■ **What the exercise asks**:
Word for word, please restate each record and pass over the pictures.

■ **Data**:
►

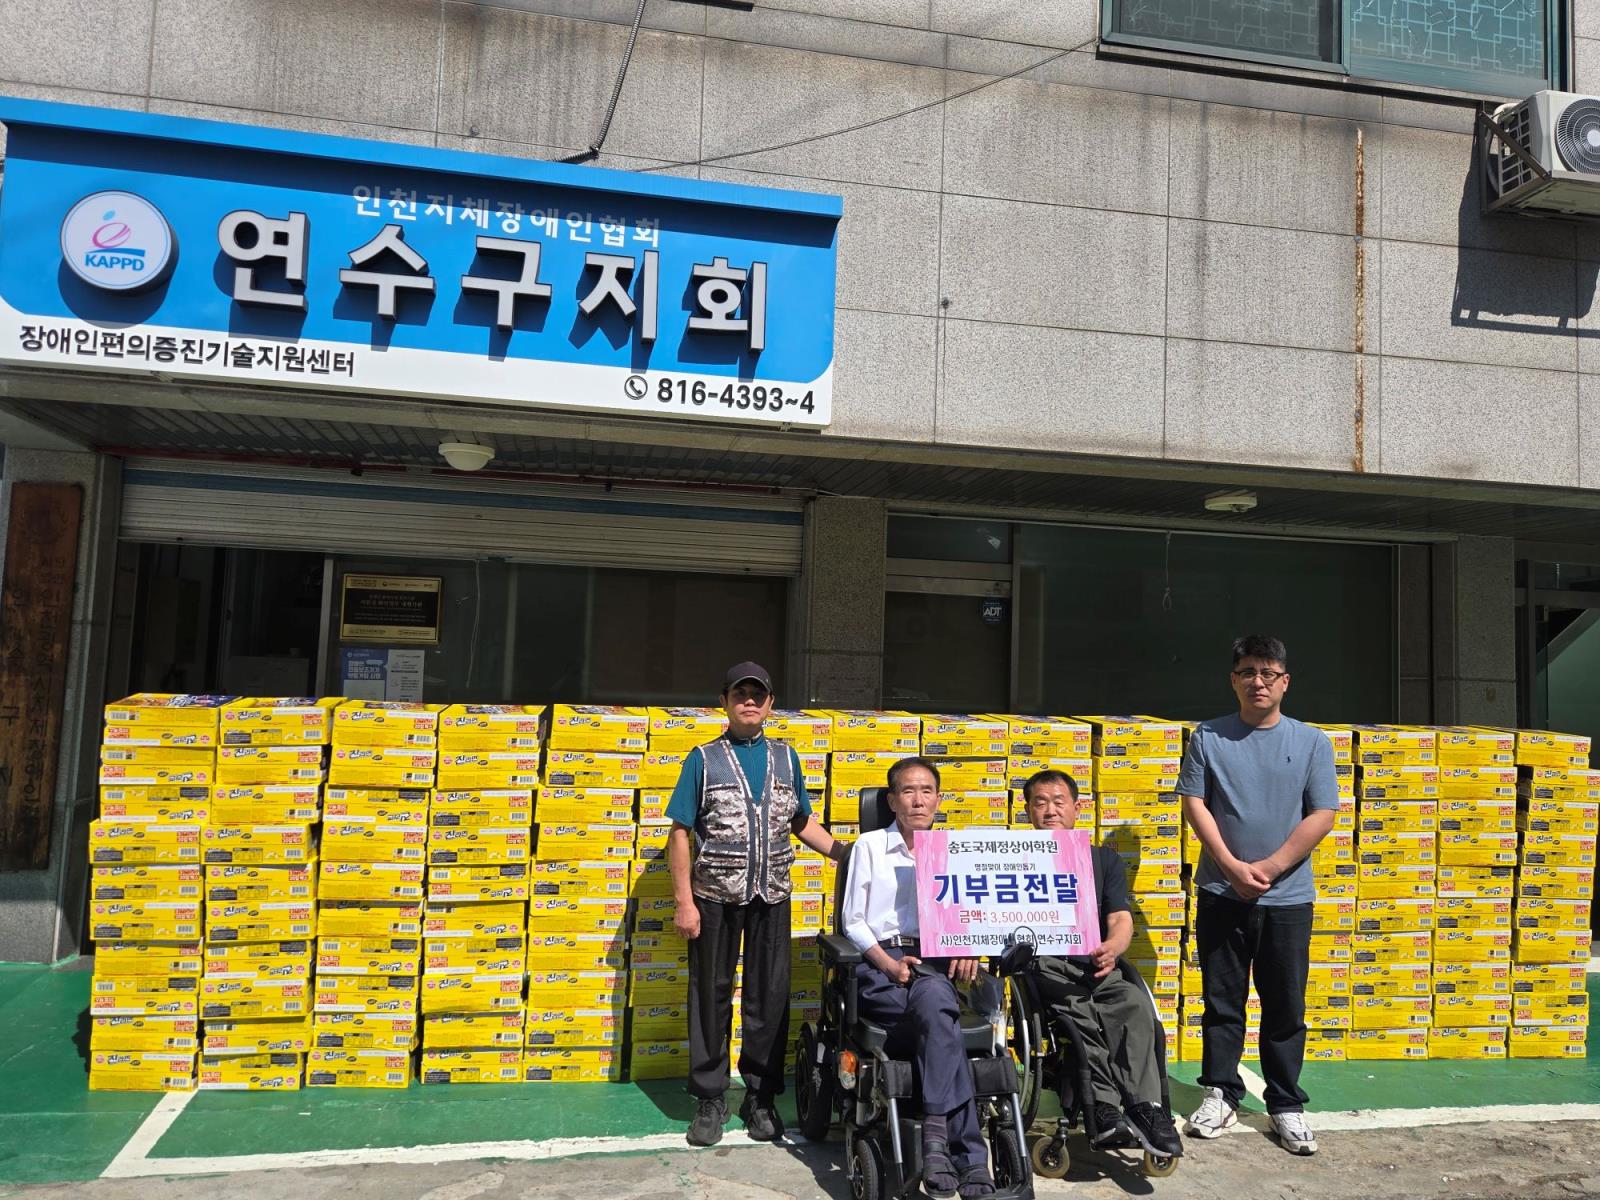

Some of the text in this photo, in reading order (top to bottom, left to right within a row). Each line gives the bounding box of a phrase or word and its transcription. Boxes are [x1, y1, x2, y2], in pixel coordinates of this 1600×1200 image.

[352, 185, 661, 248] 인천지체장애인협회
[85, 253, 145, 272] KAPPD
[217, 209, 768, 352] 연수구지회
[19, 325, 355, 377] 장애인편의증진기술지원센터
[657, 377, 815, 415] 816-4393~4
[983, 606, 1002, 617] ADT
[948, 840, 1058, 854] 송도국제정상어학원
[934, 874, 1078, 904] 기부금전달
[959, 910, 987, 924] 금액:
[1037, 933, 1082, 945] 연수구지회

◄

■ **The completed task**:
Some of the text in this photo, in reading order (top to bottom, left to right within a row). Each line gives the bounding box of a phrase or word and its transcription. Boxes are [x1, y1, x2, y2], in pixel coordinates of this 1600×1200 image.

[352, 185, 661, 248] 인천지체장애인협회
[85, 253, 145, 272] KAPPD
[217, 209, 768, 352] 연수구지회
[19, 325, 355, 377] 장애인편의증진기술지원센터
[657, 377, 815, 415] 816-4393~4
[983, 606, 1002, 617] ADT
[948, 840, 1058, 854] 송도국제정상어학원
[934, 874, 1078, 904] 기부금전달
[959, 910, 987, 924] 금액:
[1037, 933, 1082, 945] 연수구지회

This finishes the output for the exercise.